Still on Manihi

In Voyages on 02/08/2010 at 23:30

We’re still on Manihi, a beautiful atoll in the Tuamotu Archipelago. We came here on an unscheduled stop since our complete steering system had systematically stopped working with first the primary autopilot, then the second, then the rudder and finally the steering cables. We came into this atoll with the help of Fernando (a local fisherman/baker/pearl farmer/watertaxi driver/leader of the Mormon church) who showed us the way while I was steering the ship with the emergence steering system, Arent was handling the throttle and Matty was on the lookout for coral heads.

After we dropped anchor and we were finally getting everything in order again on board, Fernando came by and told me to come with him immediately with all the broken parts. We didn’t really understand why or what, but I obeyed. He is the leader of the Mormon church after all, so what else should I do? He took me to the other side of the atoll after half an hour drive with a speedboat to a local engineer who had a complete workshop. He took the pieces out of my hands and started working on them immediately and two hours later I had a completely repaired steering system with brand new fabricated parts so we were fixed again. It’s amazing. Normally that would take weeks in any main port, but here on an almost deserted island it’s done in 2 hours…

The Tuamotu Archipelago is a wide expanse of volcanoes that have sunk into the ocean and have left a ring of coral reefs (the atolls) that mark the millions of years old edges of what once were massive islands. This Atoll is truly amazing. The lagoon is filled with deep water and coral heads that barely scratch the surface. The outer edge consists of a reef that is mostly above the water with large amounts of palm trees. These dry areas are broken up by submerged parts of the reef (well, about 1 foot of water) which turn the coastline into small islands. Many of them have deserted buildings on them since most people left the atoll for a different life on Tahiti. The village is not far from the ship and there are about 200 people living in the village itself.
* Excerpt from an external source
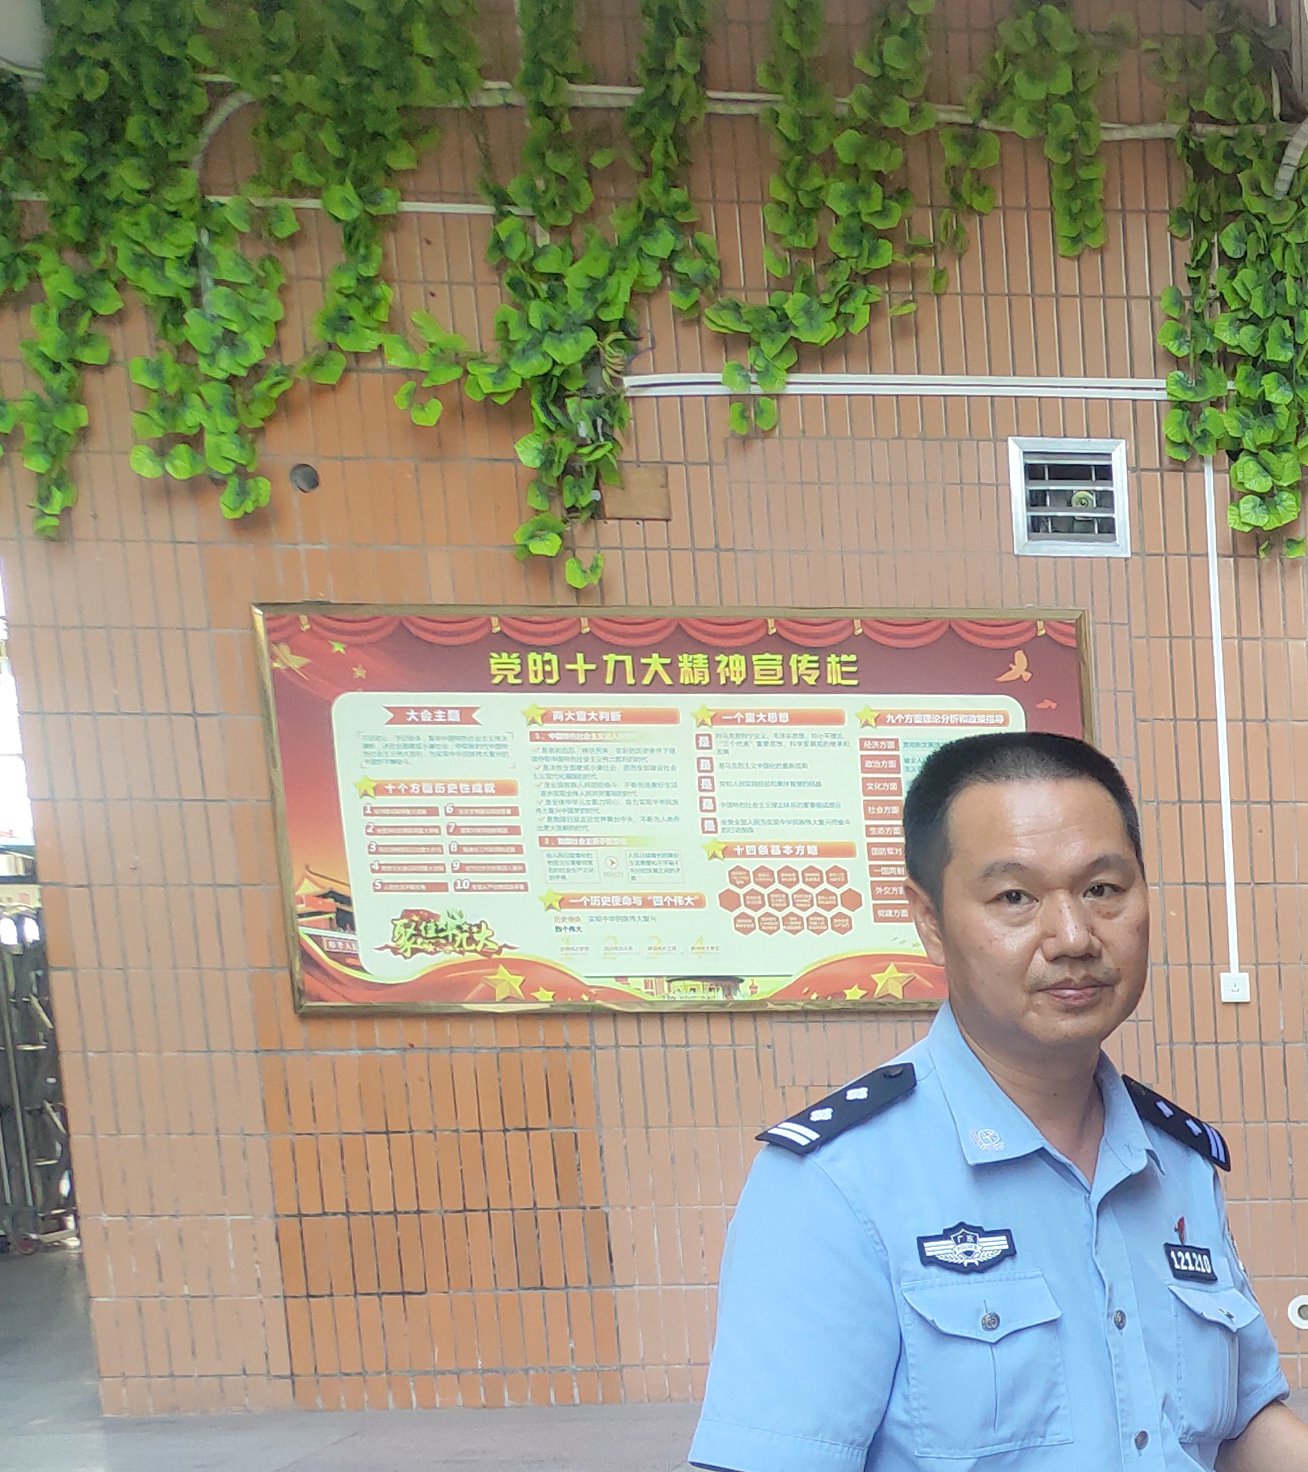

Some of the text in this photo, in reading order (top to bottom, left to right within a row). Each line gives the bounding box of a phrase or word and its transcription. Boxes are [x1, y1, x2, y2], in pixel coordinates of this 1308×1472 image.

[489, 653, 859, 686] 党的十九大精神宣传栏
[406, 709, 461, 722] 大会主题
[1170, 1250, 1212, 1274] 121210
We have been fishing with lines and spears and we have caught some coconuts. This is the way of the islands, so we’re happy to join in. The only problem is with the damn coconuts. They’re such hard work opening that I spent an hour with a hammer and chisel, only to get a small cup of coconut milk and a small meal for four people. But it’s well worth it! The waters around the ship are crawling with Blacktip Reafsharks which are completely harmless  (they grow up to 1.8 m long, eat only small fish and on occasion a bather’s big toe… J ) and we’ve been swimming with them a lot now. We also have some children that have attached themselves to the ship. These are remora’s  that normally attach themselves to large fish like sharks and have now decided that they like Helena a lot.